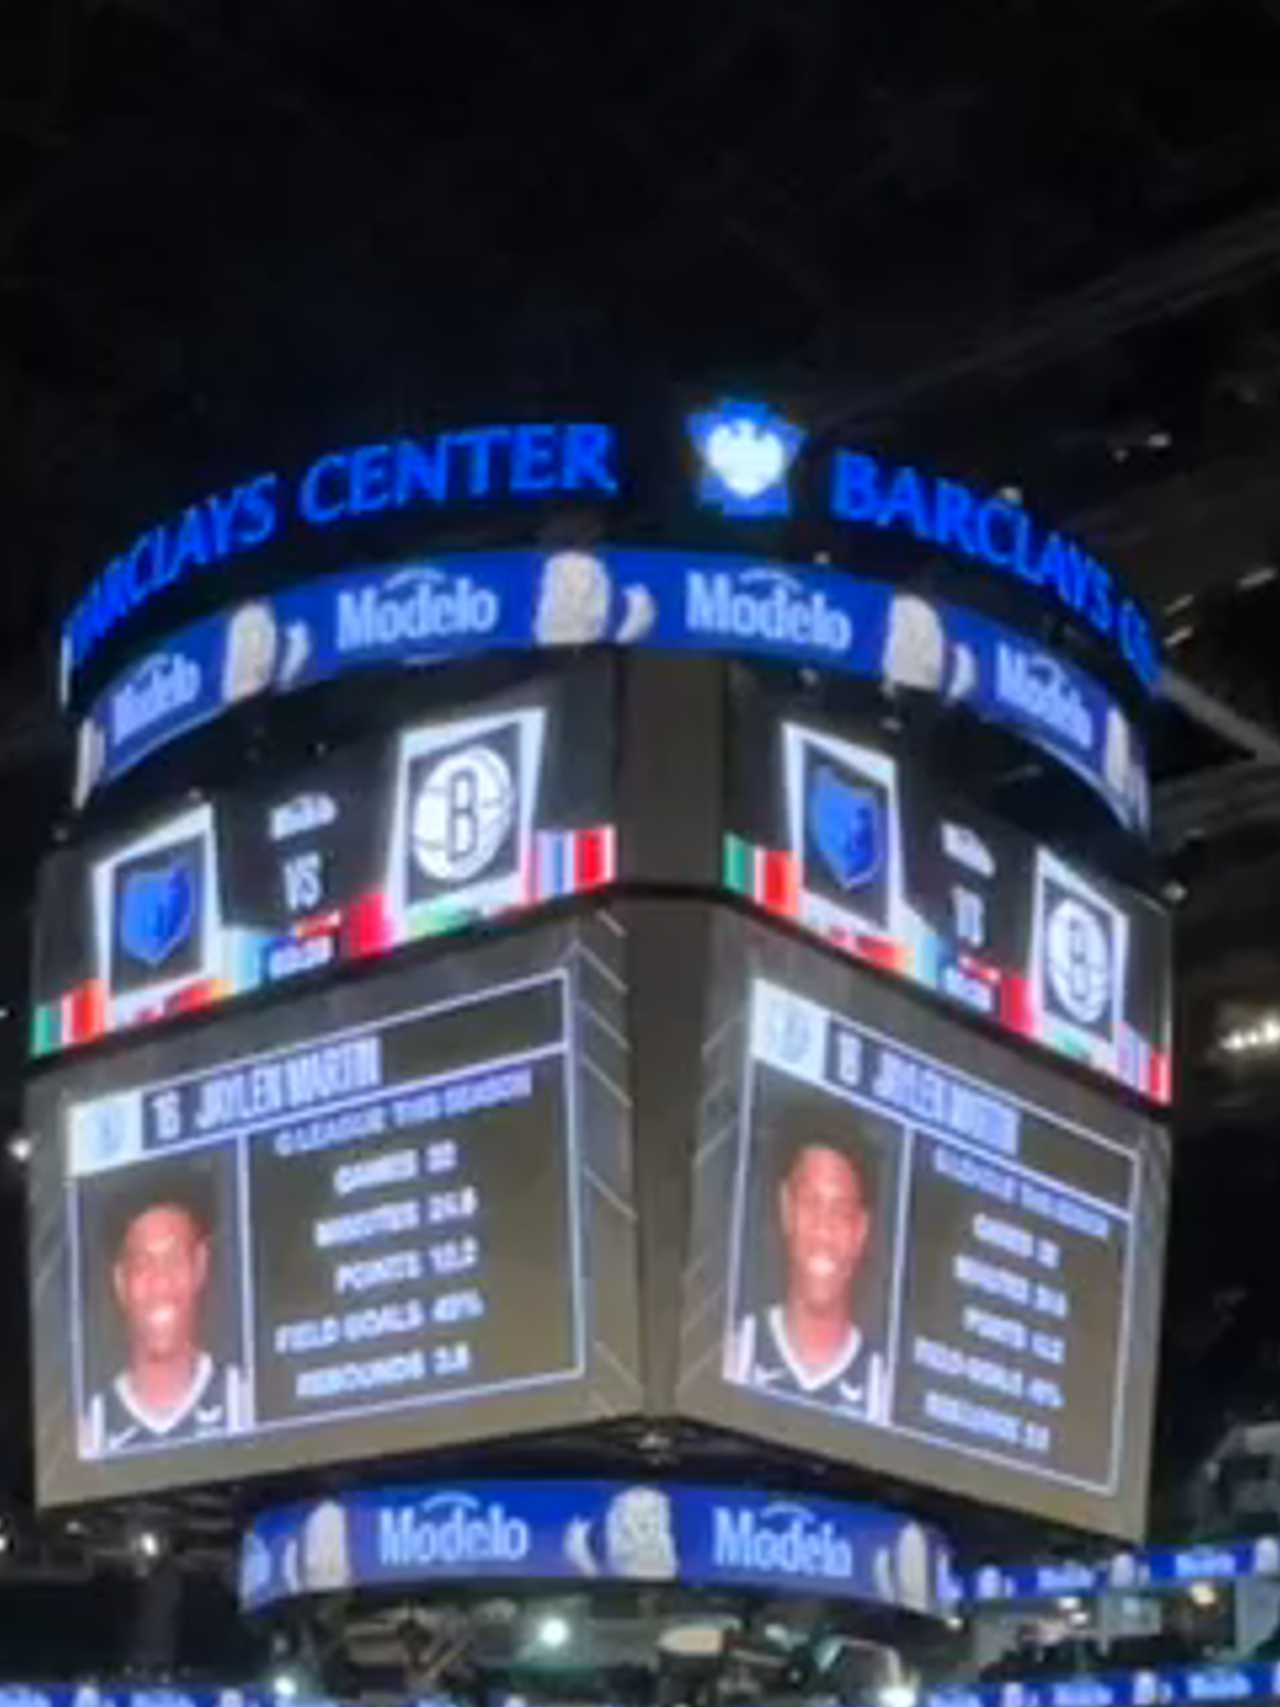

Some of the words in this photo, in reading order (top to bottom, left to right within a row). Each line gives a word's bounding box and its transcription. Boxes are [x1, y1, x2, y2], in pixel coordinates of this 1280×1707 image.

[300, 423, 617, 522] CENTER
[831, 448, 1112, 631] BARCLAYS
[338, 570, 497, 652] Modelo
[686, 570, 852, 653] Modelo
[377, 1492, 531, 1567] Modelo
[713, 1503, 853, 1579] Modelo
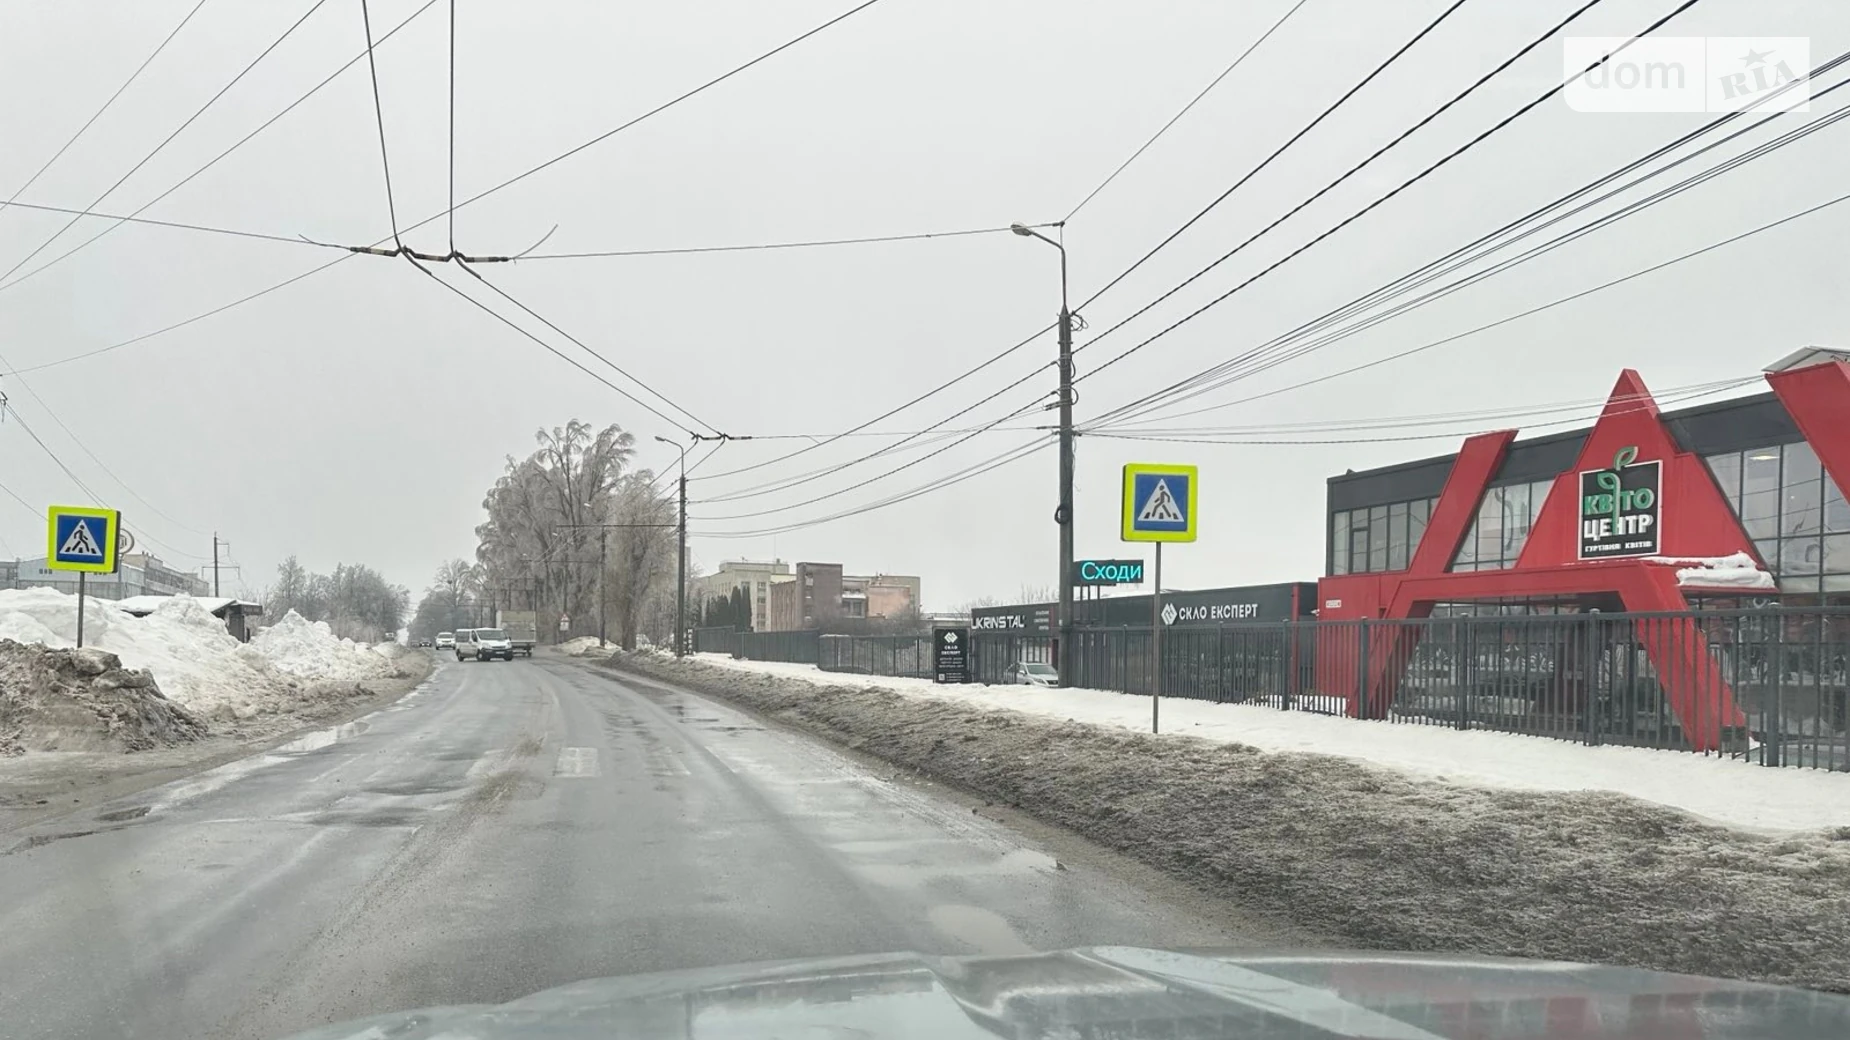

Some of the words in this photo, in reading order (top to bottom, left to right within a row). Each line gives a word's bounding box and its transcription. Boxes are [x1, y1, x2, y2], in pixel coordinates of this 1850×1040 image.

[1584, 514, 1654, 541] ЦЕНТР
[1081, 561, 1141, 582] Сходи
[1178, 605, 1208, 620] СКЛО
[1211, 603, 1258, 620] ЕКСПЕРТ

=======

Nothing but the lines from the one with "this 1850×1040 image." through the final line of the records above should appear, each copied exactly.

**EXERCISE SOLUTION**:
Some of the words in this photo, in reading order (top to bottom, left to right within a row). Each line gives a word's bounding box and its transcription. Boxes are [x1, y1, x2, y2], in pixel coordinates of this 1850×1040 image.

[1584, 514, 1654, 541] ЦЕНТР
[1081, 561, 1141, 582] Сходи
[1178, 605, 1208, 620] СКЛО
[1211, 603, 1258, 620] ЕКСПЕРТ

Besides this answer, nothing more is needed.